The authors of the paper [35] proposed a 3D facial landmarking algorithm based on thresholded surface normals. They focused on the identification of key nasal landmarks. The algorithm is inspired by the successful use of surface normals for feature extraction. Surface normals provide an effective representation of the surface geometry. Among the benefits of using surface normals are high consistency and accuracy under different facial expressions. Their algorithm is training-free and computationally very fast.

5. Discussion

5.1. Comparison with Previous Research

In our work, we aim to use 3D facial scans of the patients performed by a cheap 3D Kinect-like camera. Previous studies mostly used 2D pictures or expensive CT scans and 3D scanners. In our work, we also want to avoid training the ML or DL models, as this requires a huge amount of training data. Since facial morphology varies a lot across age, sex, and ethnicity, it would be difficult to have all these variations included in the training set.

5.2. Limitations

Despite the promising findings, this study has several limitations. First, we have not tested any specific hybrid template or knowledge-based algorithm (neither the MeshMonk toolbox nor TH-OCR) on the actual facial scans created by a Kinect like 3D camera. Second, the facial scans considered in this paper do not capture intraoral morphology, which can provide important signs and symptoms associated with OSA.

5.3. Future Research

The MeshMonk toolbox, in conjunction with a low-cost 3D camera like Kinect, could be utilized to scan pediatric patients. Automatically identified facial landmarks can not only streamline existing OSA screening protocols but also aid in discovering new facial features associated with OSA. The ultimate goal is to develop a relatively cheap device, possibly even mobile phone-based, to automatically screen pediatric patients for OSA.

5.4. Conclusions

The authors of this paper have demonstrated that screening and early diagnosis of OSA are crucial yet challenging tasks.

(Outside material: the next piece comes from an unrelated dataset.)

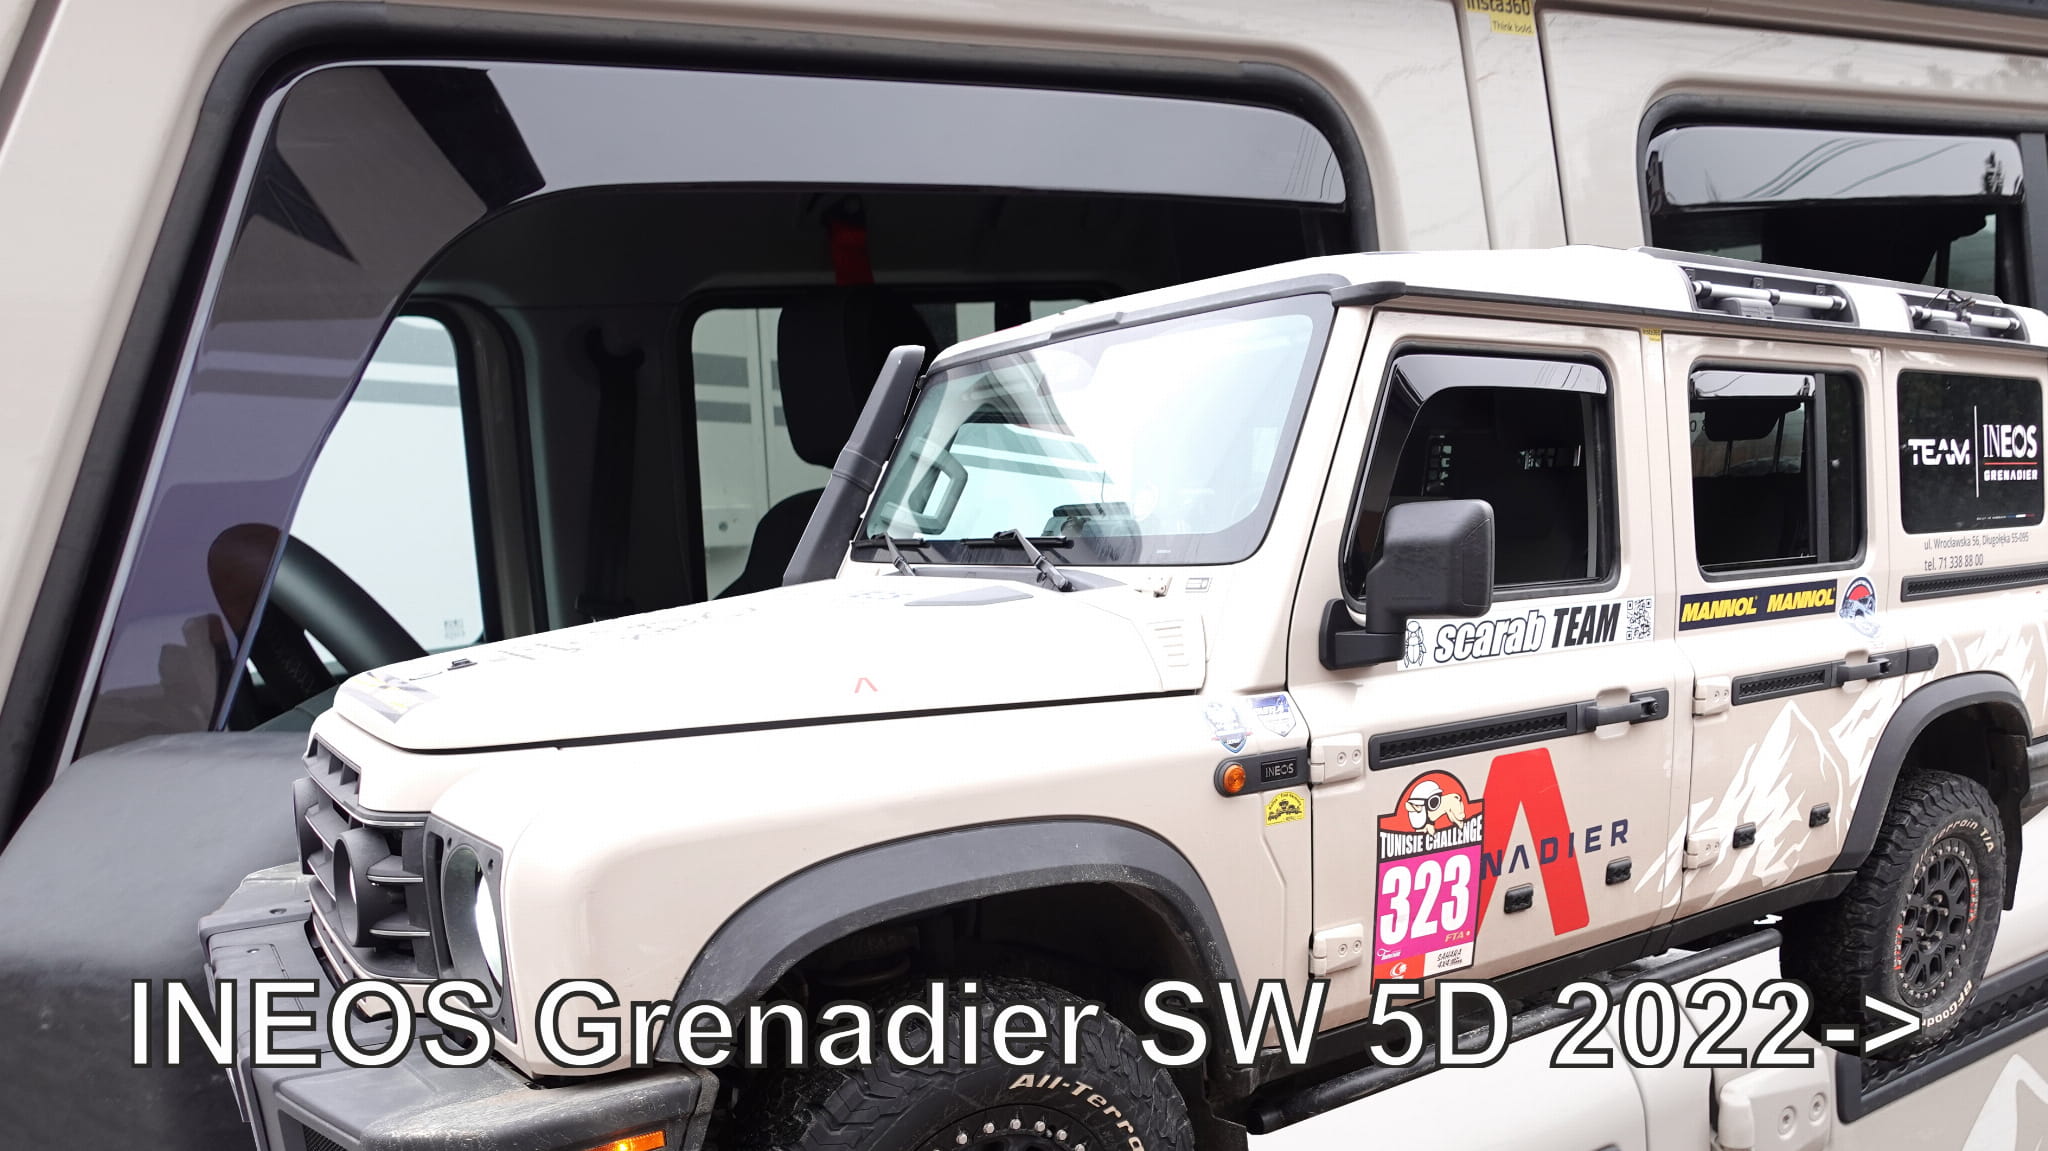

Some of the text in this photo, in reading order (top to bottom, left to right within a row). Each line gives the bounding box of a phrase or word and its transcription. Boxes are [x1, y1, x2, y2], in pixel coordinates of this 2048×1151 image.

Facial anatomical landmarks can be used for screening, with automation of their identification being a vital component. The amount of quality data required for the learning-based methods is substantial; hence, the authors see potential in hybrid templates and knowledge-based methods.

Author Contributions

R.H. was responsible for the conception of the work, its investigation, and its writing. F.D. supervised R.H. and did the funding acquisition. All authors have approved the submitted version of the manuscript and agreed to be accountable for any part of the work. All authors have read and agreed to the published version of the manuscript.

Funding

This publication was created with the support of the grants KEGA 028STU-4/2022, AIR (AI in Robotics, excellent teams), and with the support under the Operational Program Integrated Infrastructure for the project: “Research and development of the applicability of autonomous flying vehicles in the fight against the pandemic caused by COVID-19”, Project no. 313011ATR9, co-financed by the European Regional Development Fund.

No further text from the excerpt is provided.